Who is at a higher risk of stroke?

Many factors can increase your risk of a stroke. Some factors can also increase your chances of having a heart attack. Potentially treatable stroke risk factors include:

Lifestyle risk factors

  • Being overweight or obese
  • Physical inactivity
  • Heavy or binge drinking
  • Cigarette smoking or exposure to secondhand smoke
  • Use of illicit drugs such as cocaine and methamphetamines

Medical risk factors

Other factors include:

  • Personal or family history of stroke, heart attack or transient ischemic attack
  • 55 years or older
  • Men have a higher risk of stroke than women

What to do if you feel FAST with a patient?

Time is the key to recovery in a stroke patient. If you feel someone around you has symptoms of stroke; mainly face that droops, arms that are weak on one side, speech that is not clear or slurred, the patient should be rushed to a hospital in emergency services. If during the initial phase of the attack the treatment is given, maximum number of brain cells could be prevented from dyeing as death of brain cell is an irreversible process. The damage which has been caused by the death of brain cells cannot be recovered. The following things can be done other than taking him to the hospital:

  • Make the patient lie on one side with their head slightly raised and supported in case they vomit
  • Check to see if they’re breathing. If they are not breathing at all, perform cardio pulmonary resuscitation. If they are having difficulty breathing, loosen any constrictive clothing
  • Do not give them anything to eat or drink
  • If the person is showing any weakness in a limb, avoid moving them
  • You yourself need to be calm and really patient so that you can properly brief the doctor about the incident


What would happen at the hospital?

On physical examination a doctor in the emergency would be able to confirm if it is a stroke.

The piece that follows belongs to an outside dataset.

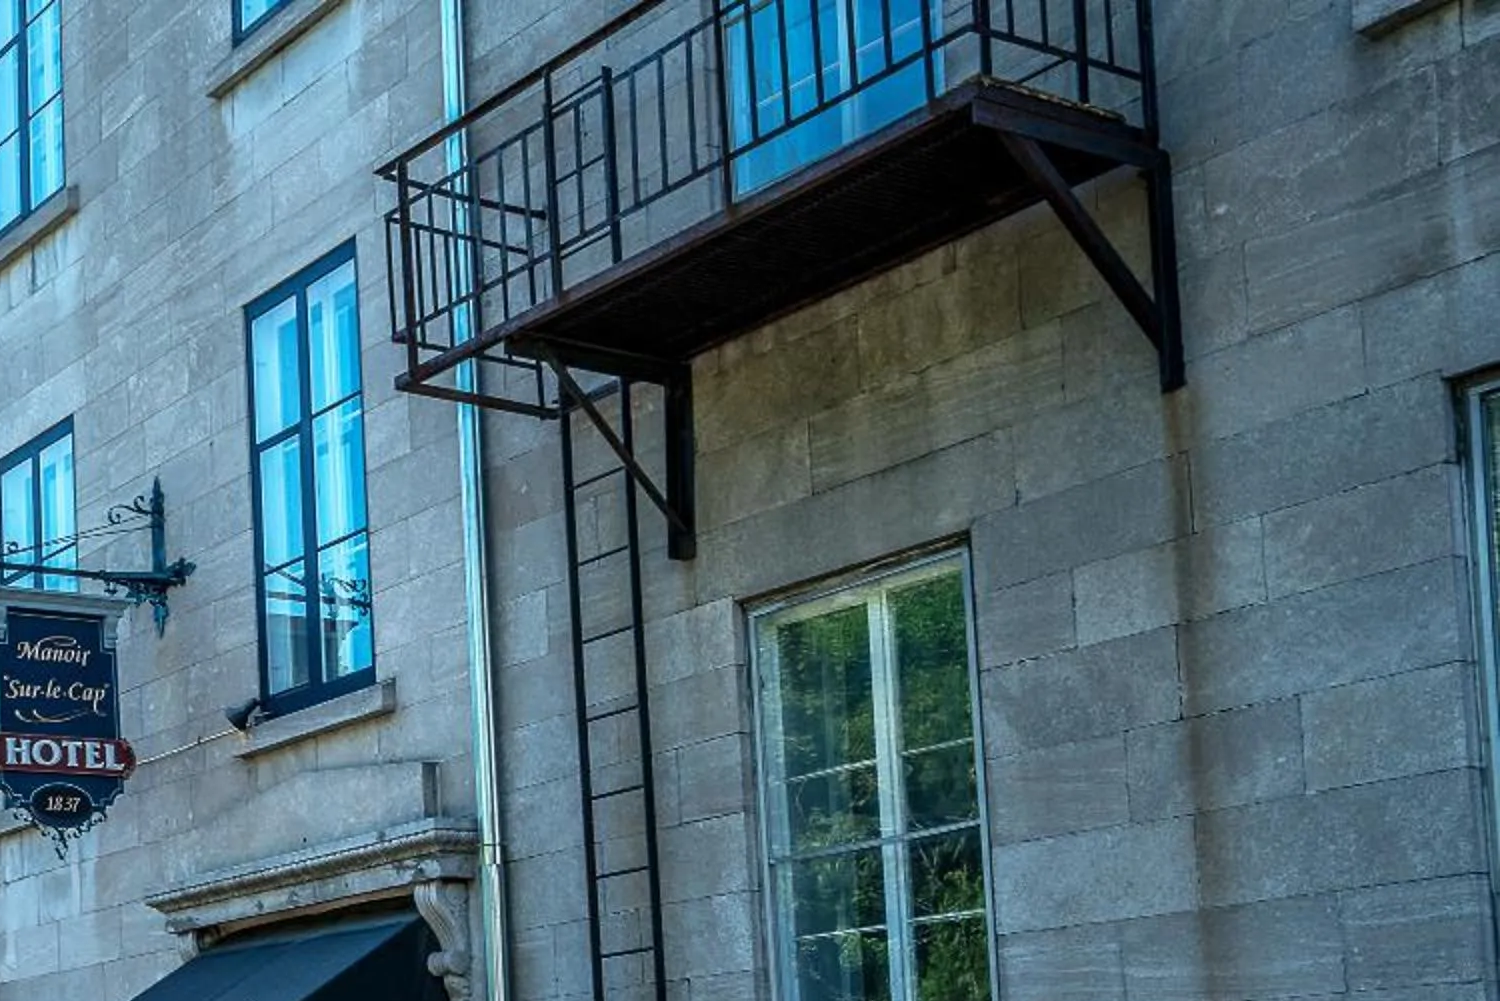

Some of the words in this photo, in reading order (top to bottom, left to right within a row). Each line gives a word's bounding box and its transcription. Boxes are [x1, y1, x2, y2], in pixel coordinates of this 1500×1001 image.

[16, 635, 91, 667] Manoir
[5, 738, 125, 770] HOTEL
[45, 796, 81, 813] 1837

To confirm it clinically a CT Scan or MRI of the brain would be done which would confirm the type of stroke i.e. ischemic or hemorrhagic, and the lobe of the brain where it has occurred.

PS: There is an urgency to make the diagnosis and to determine whether the treatment involving clot-busting drugs to ‘reverse’ the stroke is a possibility. The time frame to intervene is narrow and may be as short as 3 to 4 ½ hours after onset of symptoms.

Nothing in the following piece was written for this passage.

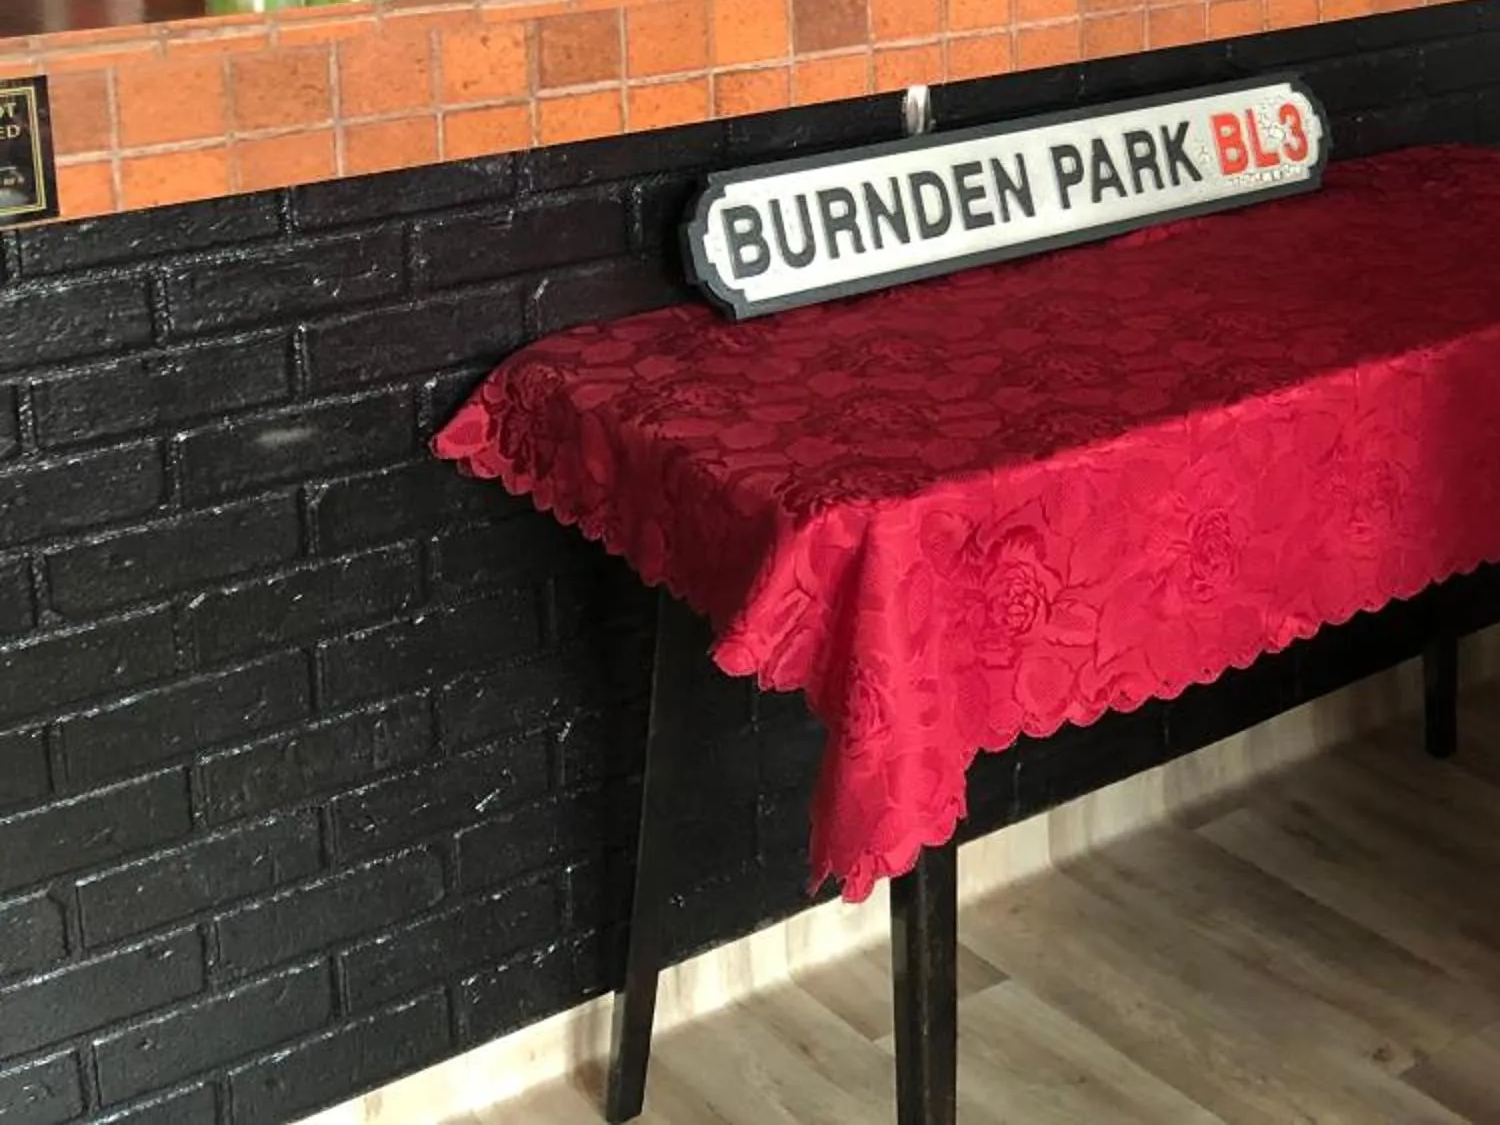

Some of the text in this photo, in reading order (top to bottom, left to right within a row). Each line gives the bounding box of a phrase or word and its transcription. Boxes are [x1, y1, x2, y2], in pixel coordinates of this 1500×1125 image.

[720, 102, 1309, 281] BURNDEN PARK BL3

The specialist which is generally a Neuro-physician or Neuro-surgeon would further decide on the treatment and keep the patient in the intensive care unit (ICU) for further care.

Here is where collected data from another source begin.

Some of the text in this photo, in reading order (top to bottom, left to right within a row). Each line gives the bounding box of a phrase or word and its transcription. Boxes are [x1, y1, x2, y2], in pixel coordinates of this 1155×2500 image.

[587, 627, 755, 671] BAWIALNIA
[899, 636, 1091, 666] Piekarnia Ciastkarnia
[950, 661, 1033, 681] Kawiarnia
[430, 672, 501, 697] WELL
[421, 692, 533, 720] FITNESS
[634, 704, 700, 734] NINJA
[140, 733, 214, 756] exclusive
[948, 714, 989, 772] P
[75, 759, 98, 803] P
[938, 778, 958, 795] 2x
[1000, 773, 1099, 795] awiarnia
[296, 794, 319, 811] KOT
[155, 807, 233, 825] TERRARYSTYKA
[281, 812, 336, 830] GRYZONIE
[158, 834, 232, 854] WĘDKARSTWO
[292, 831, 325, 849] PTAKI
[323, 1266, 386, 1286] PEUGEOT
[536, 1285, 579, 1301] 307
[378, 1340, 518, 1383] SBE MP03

What is the treatment of Stroke?

Depending on the type of stroke, the treatment is planned. For an ischemic stroke, the treatment is generally through medications by a Neuro physician. If the stroke is hemorrhagic then the intervention of a Neuro surgeon may be required to remove the blood clot depending on the site of clot. If the clot is deep inside the brain it is generally not operated upon. If the cloth is in the outer coverings or near the coverings of the brain the Neuro surgeon might take a call.

How to recover from a Stroke?

After the first aid and treatment, the stroke recovery process varies. It depends on many factors like how fast the treatment was received or if the person has other medical conditions. The first stage of recovery is known as acute care. It takes place in a hospital where your condition is assessed, stabilized and treated.

Rehabilitation is the next stage or the main stage of stroke recovery.

The goals of rehabilitation are to:

  • strengthen motor skills
  • improve mobility
  • limit use of the unaffected limb to encourage mobility in the affected limb
  • use range-of-motion therapy to ease muscle tension
Preventing a stroke

The best way to prevent a stroke is to address the underlying causes. This is best done by living healthy which means:

  • Eat a healthy diet
  • Maintain a healthy weight
  • Exercise regularly
  • Do not smoke
  • Avoid alcohol or drink moderately

Your body tells you a lot about your health, so listen carefully and change your lifestyle accordingly.